Watch our HOW TO Video here!

Watch our HOW TO Video here!

Take a moment to watch a <5 minute video on simple paronychia I/D from our hand specialists at San Fran General Hospital and Trauma Center.

CAUTIONS
• Contrary to belief, nail/skin cutting or removal is rarely indicated for most paronychia. It can delay healing so try to avoid this approach.
• If you start hot soaks early upon the patient’s presentation while in triage, you may see a significant improvement in just 20 minutes.
• Antibiotic use is subject to presentation. Be sure to cover for Staphylococcus.
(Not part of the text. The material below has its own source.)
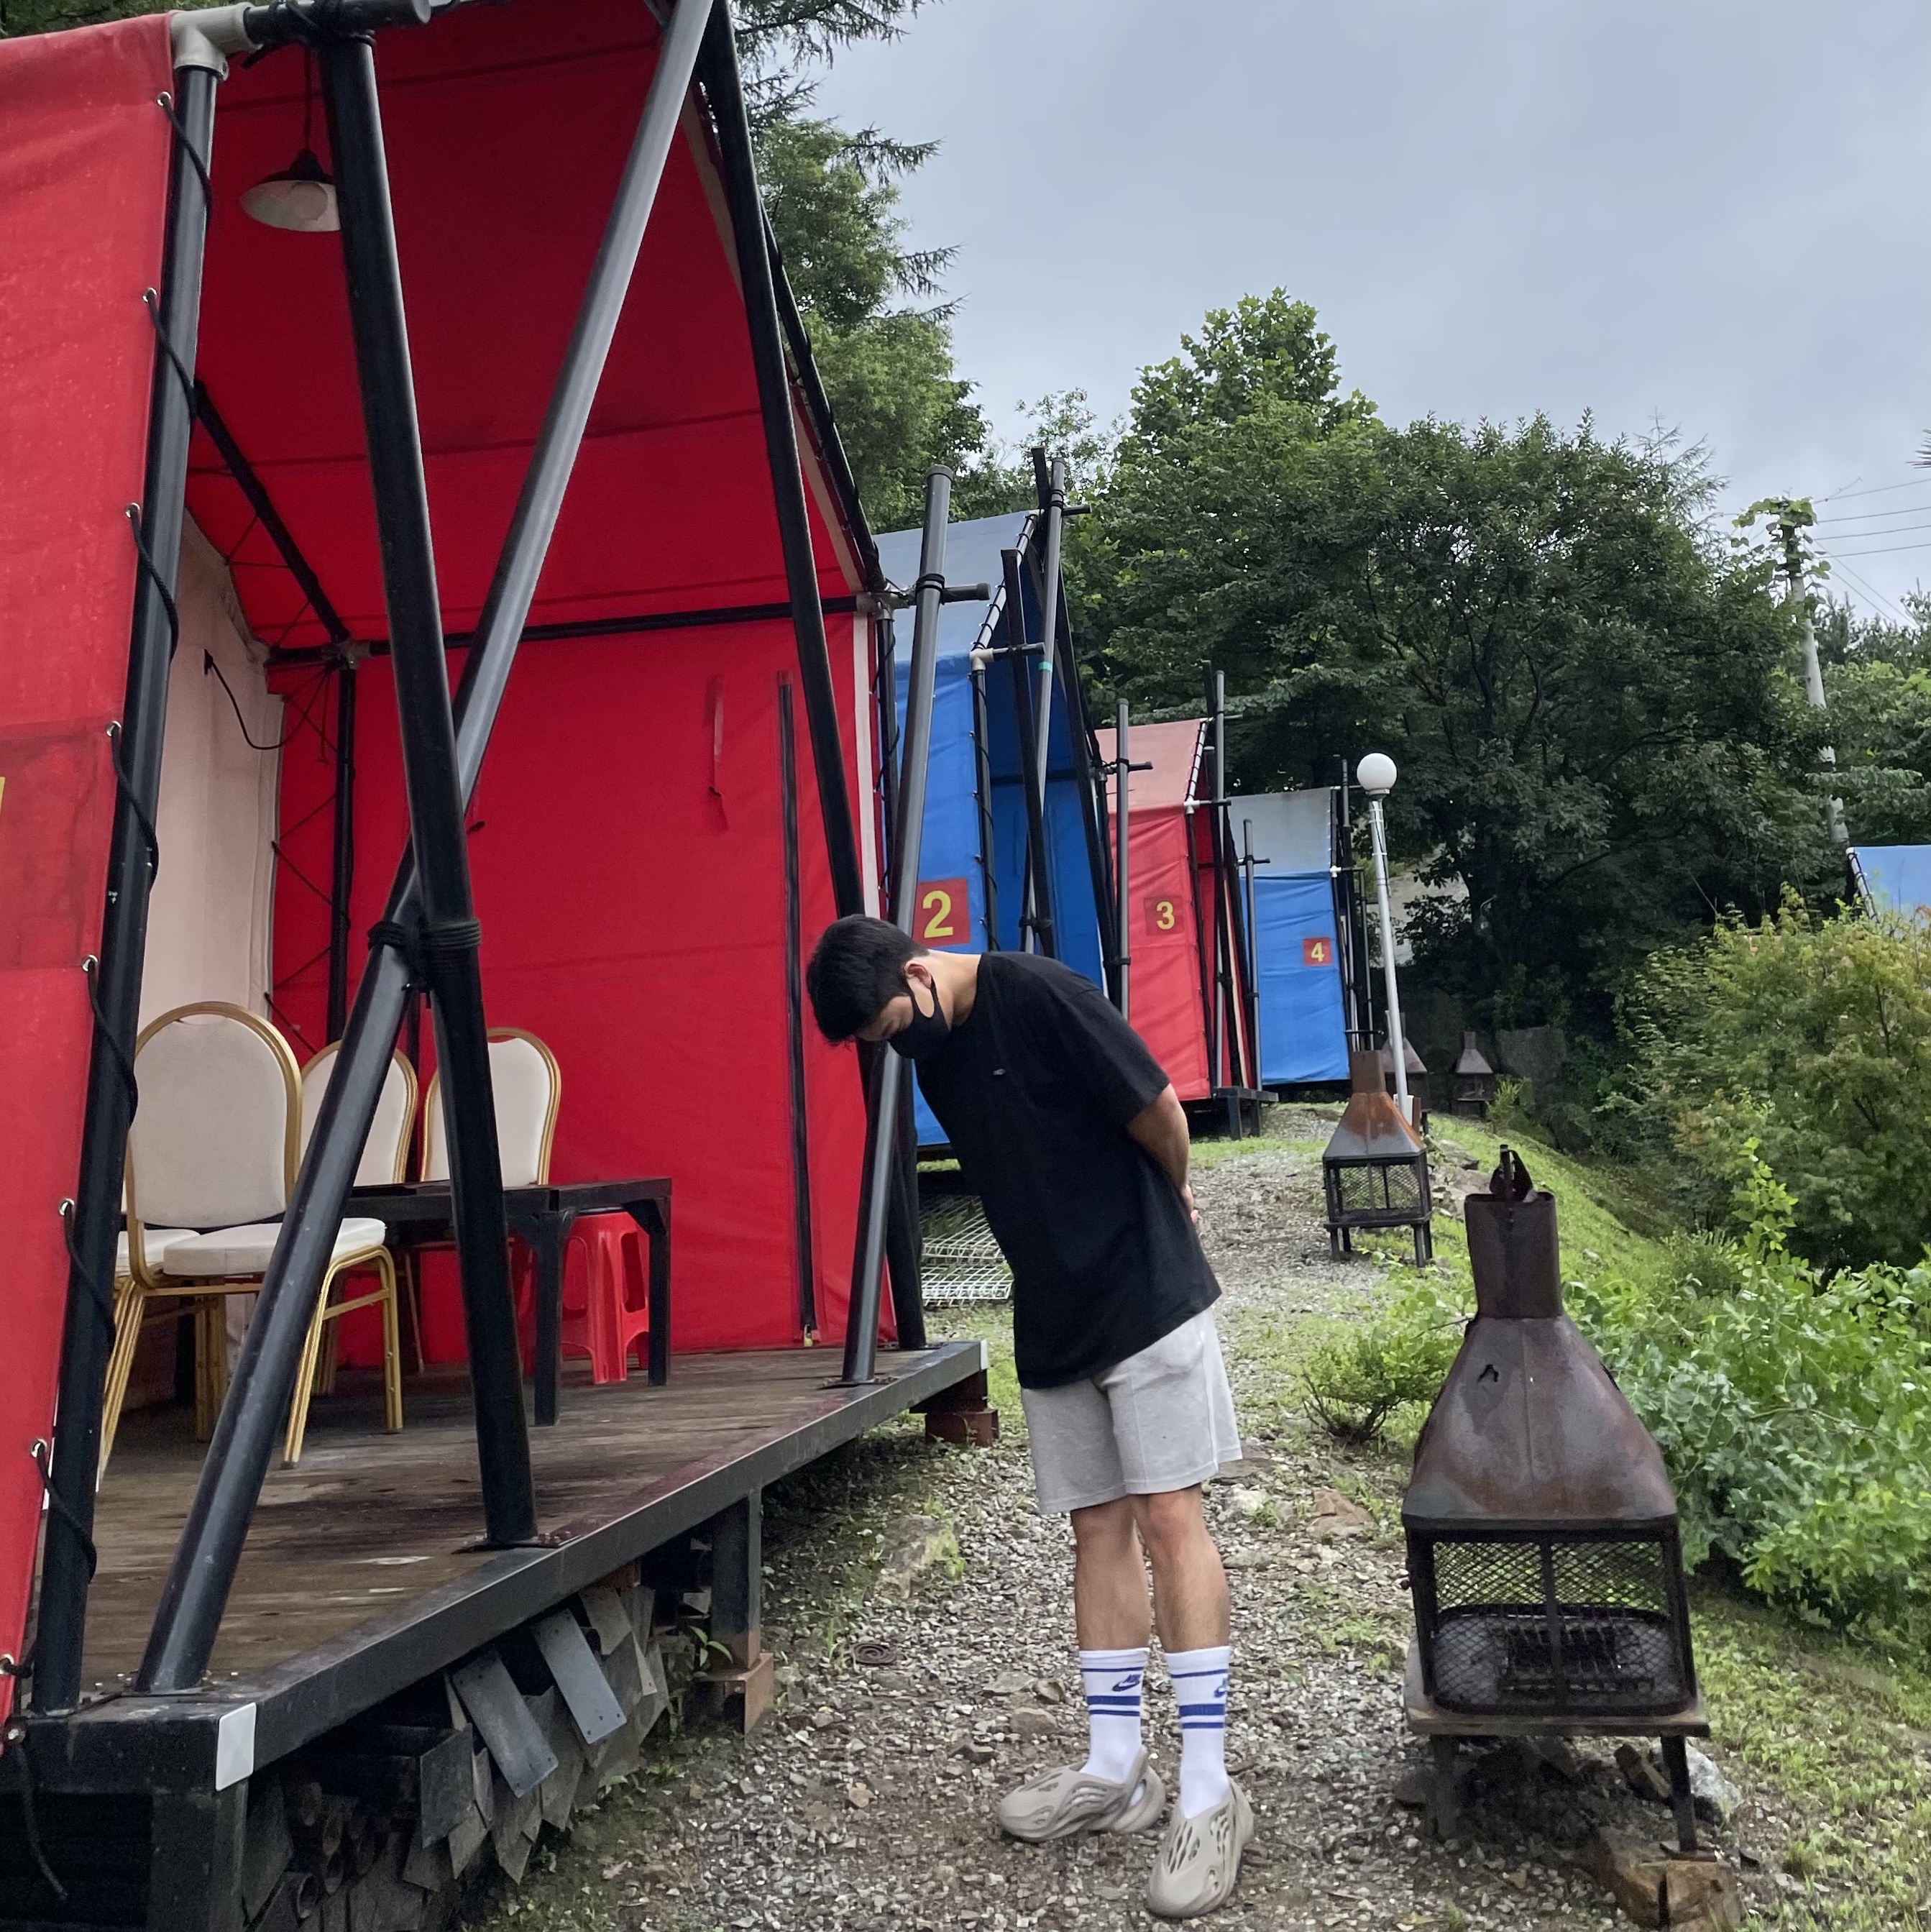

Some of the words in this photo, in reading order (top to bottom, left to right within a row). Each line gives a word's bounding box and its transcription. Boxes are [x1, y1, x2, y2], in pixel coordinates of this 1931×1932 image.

[922, 890, 953, 938] 2
[1156, 901, 1175, 930] 3
[1311, 942, 1325, 962] 4
Consider gram-negative anaerobes, however, in young children or those with frequent nail biting.
• Also consider viral causes, including herpes simplex virus, which causes herpetic whitlow. A Tzanck smear will test for herpetic causes.
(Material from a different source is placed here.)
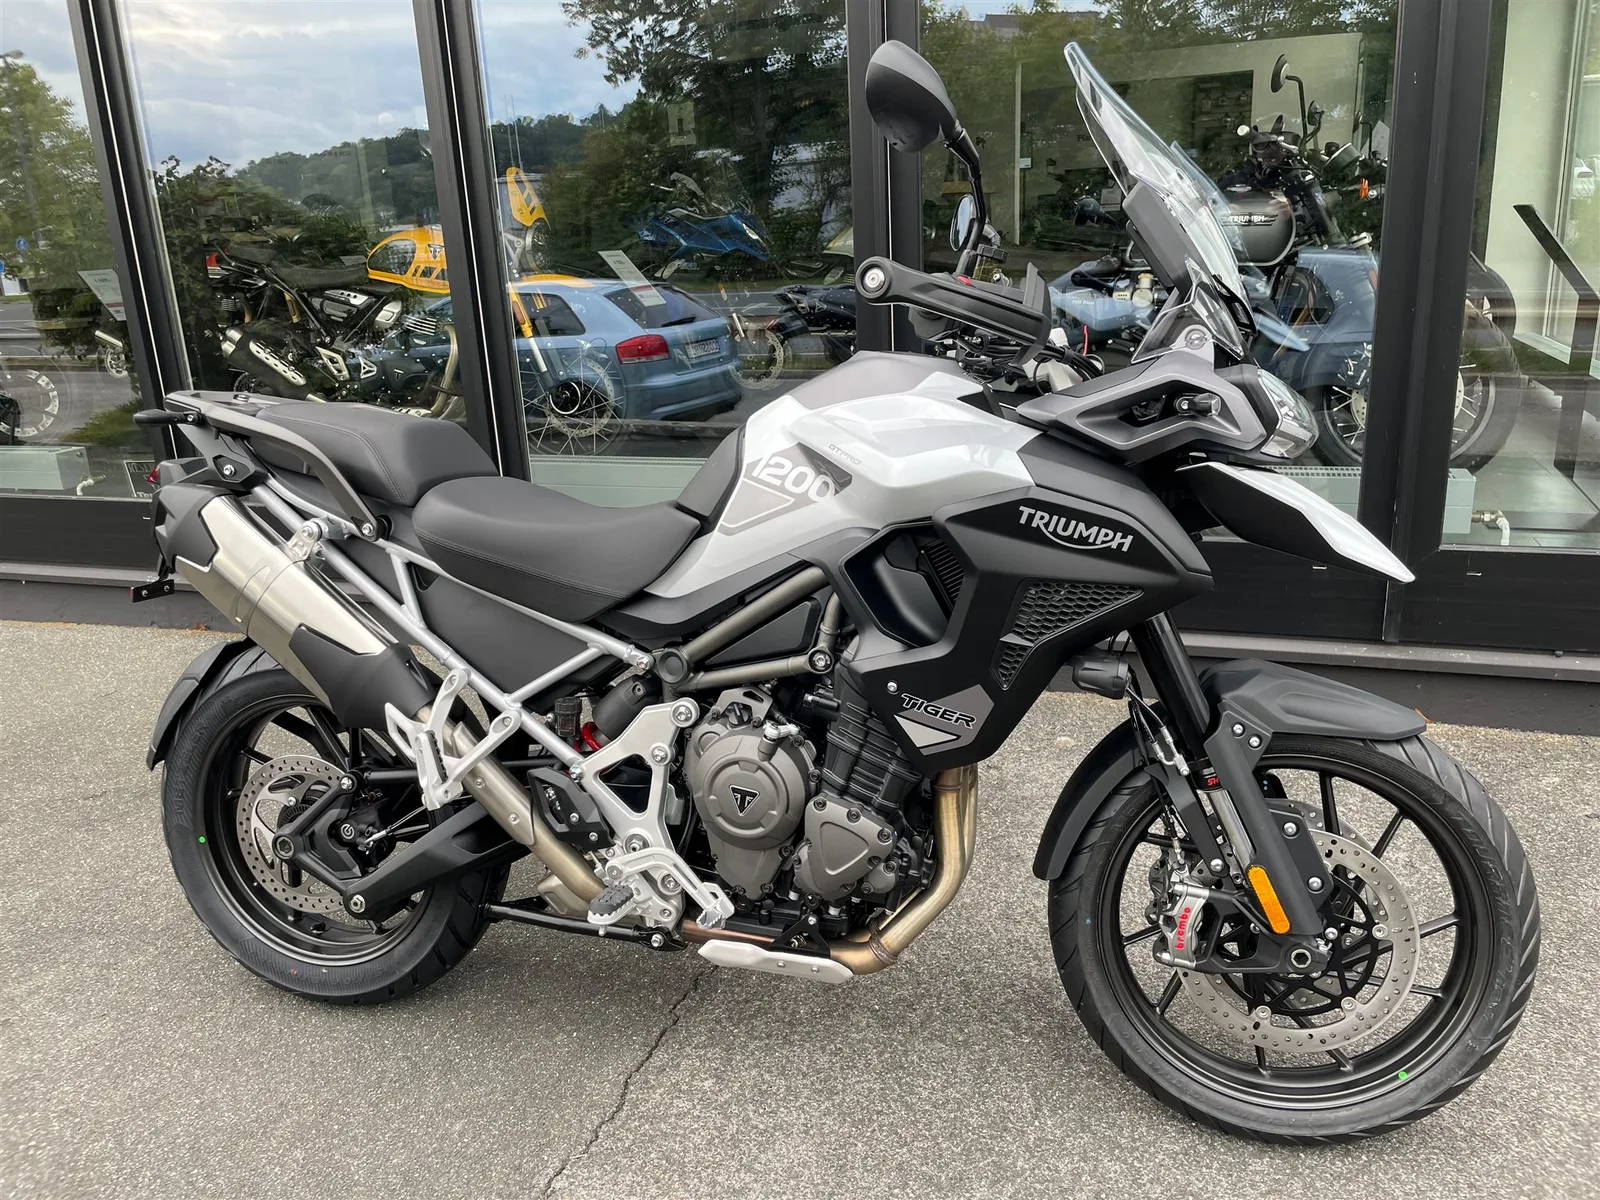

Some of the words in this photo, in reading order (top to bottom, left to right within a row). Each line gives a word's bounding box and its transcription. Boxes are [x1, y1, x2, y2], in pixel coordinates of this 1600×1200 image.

[751, 456, 835, 502] 1200
[1018, 505, 1134, 552] TRIUMPH
[900, 692, 977, 730] TIGER
[1174, 906, 1192, 950] brembo
• Always check for a felon or cellulitis; suspect osteomyelitis.
• Antibiotics to consider: First generation cephalosporin such as cephalexin 500 mg qid for 7-14 days or antistaphylococcal penicillin such as dicloxacillin 500 mg PO qid 7-14 days. PCN allergy? Consider clindamycin 300 mg PO qid for 7 days. Diabetic patients may need extended day coverage.
• Presumed oral flora infection? Try amoxicillin-clavulanate (875/125 mg) bid for 7 days.
• High-risk jobs associated with paronychia include nail technicians, dish washers, chefs, and meat packers.
• Final precautions: osteomyelitis, septic arthritis, separation of nail plate from matrix.